(Annotated photo localization data)
• • •

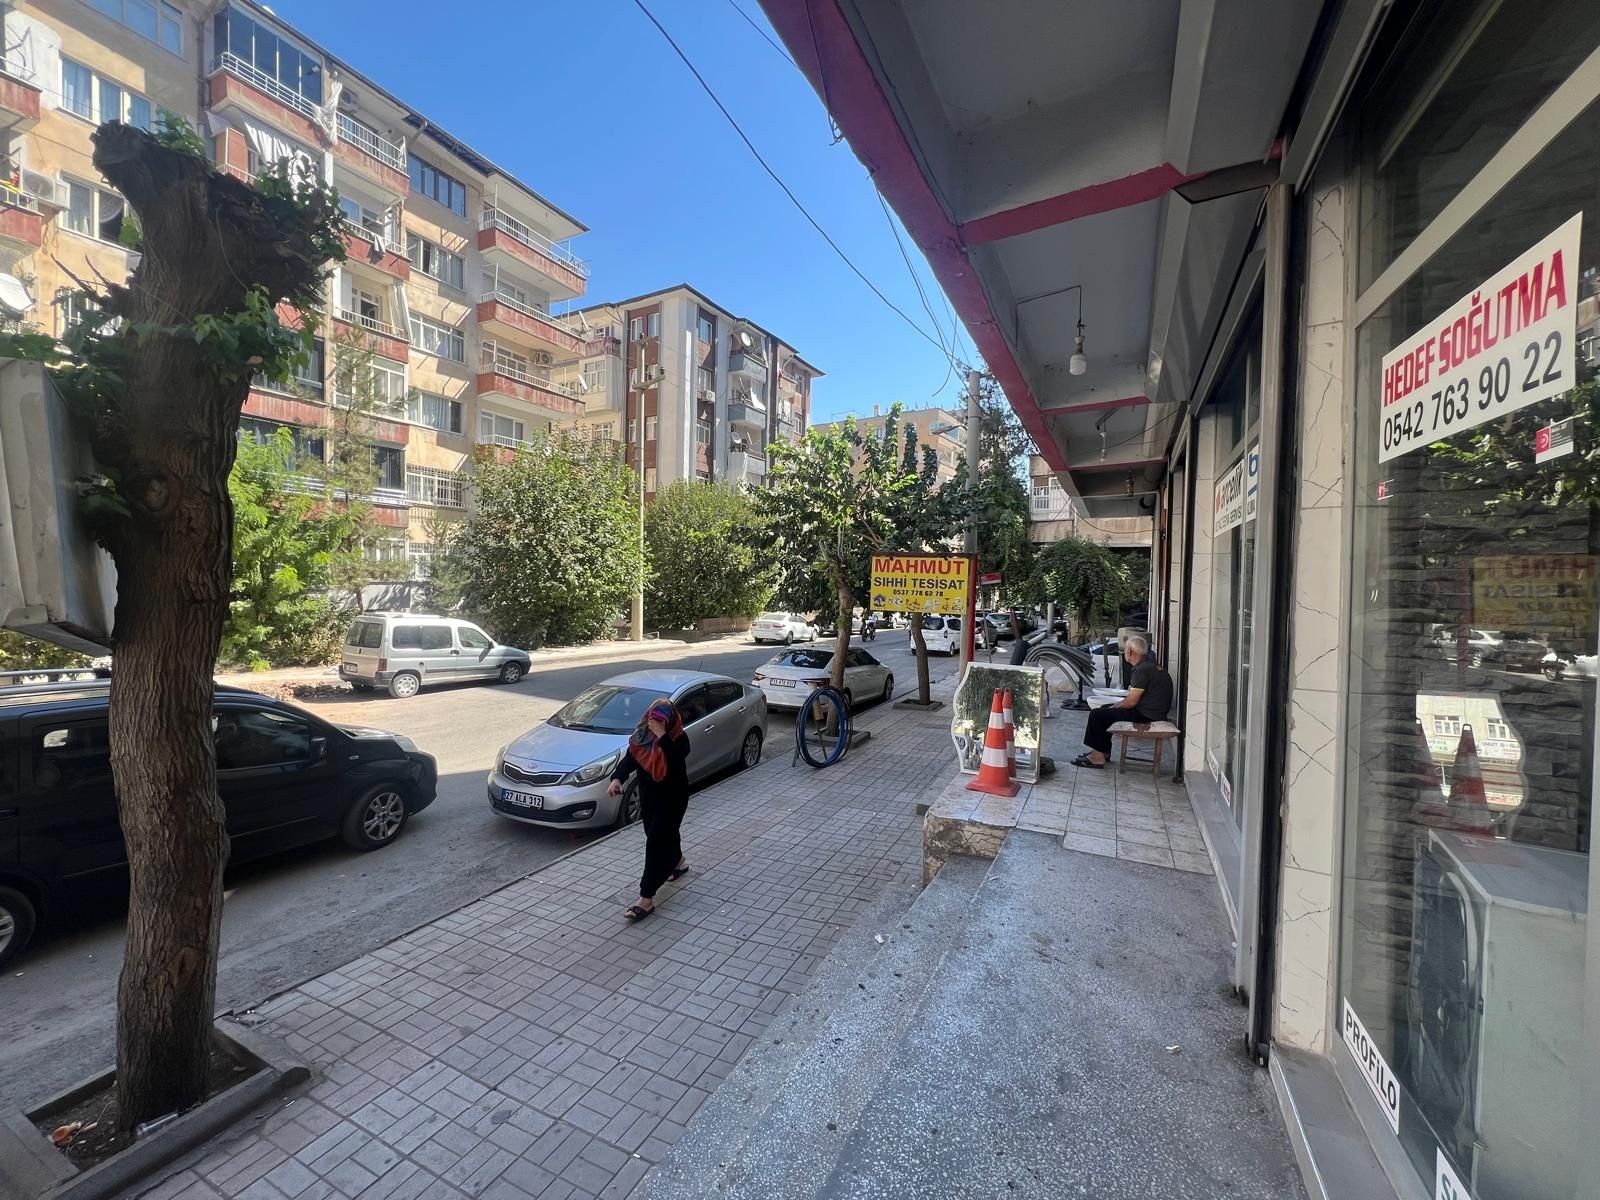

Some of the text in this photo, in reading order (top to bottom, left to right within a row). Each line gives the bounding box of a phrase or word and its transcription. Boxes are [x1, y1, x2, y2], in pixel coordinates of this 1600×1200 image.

[1383, 248, 1567, 408] HEDEF SOĞUTMA
[1383, 330, 1562, 451] 0542 763 90 22
[874, 558, 965, 575] MAHMUT
[911, 576, 965, 590] TESİSAT
[505, 791, 542, 807] 27 ALA 312

• • •

→ Exercise description
Before duplicating the entries above, strip out the pictures and keep the rest exact.

→ Output for this task
Some of the text in this photo, in reading order (top to bottom, left to right within a row). Each line gives the bounding box of a phrase or word and its transcription. Boxes are [x1, y1, x2, y2], in pixel coordinates of this 1600×1200 image.

[1383, 248, 1567, 408] HEDEF SOĞUTMA
[1383, 330, 1562, 451] 0542 763 90 22
[874, 558, 965, 575] MAHMUT
[911, 576, 965, 590] TESİSAT
[505, 791, 542, 807] 27 ALA 312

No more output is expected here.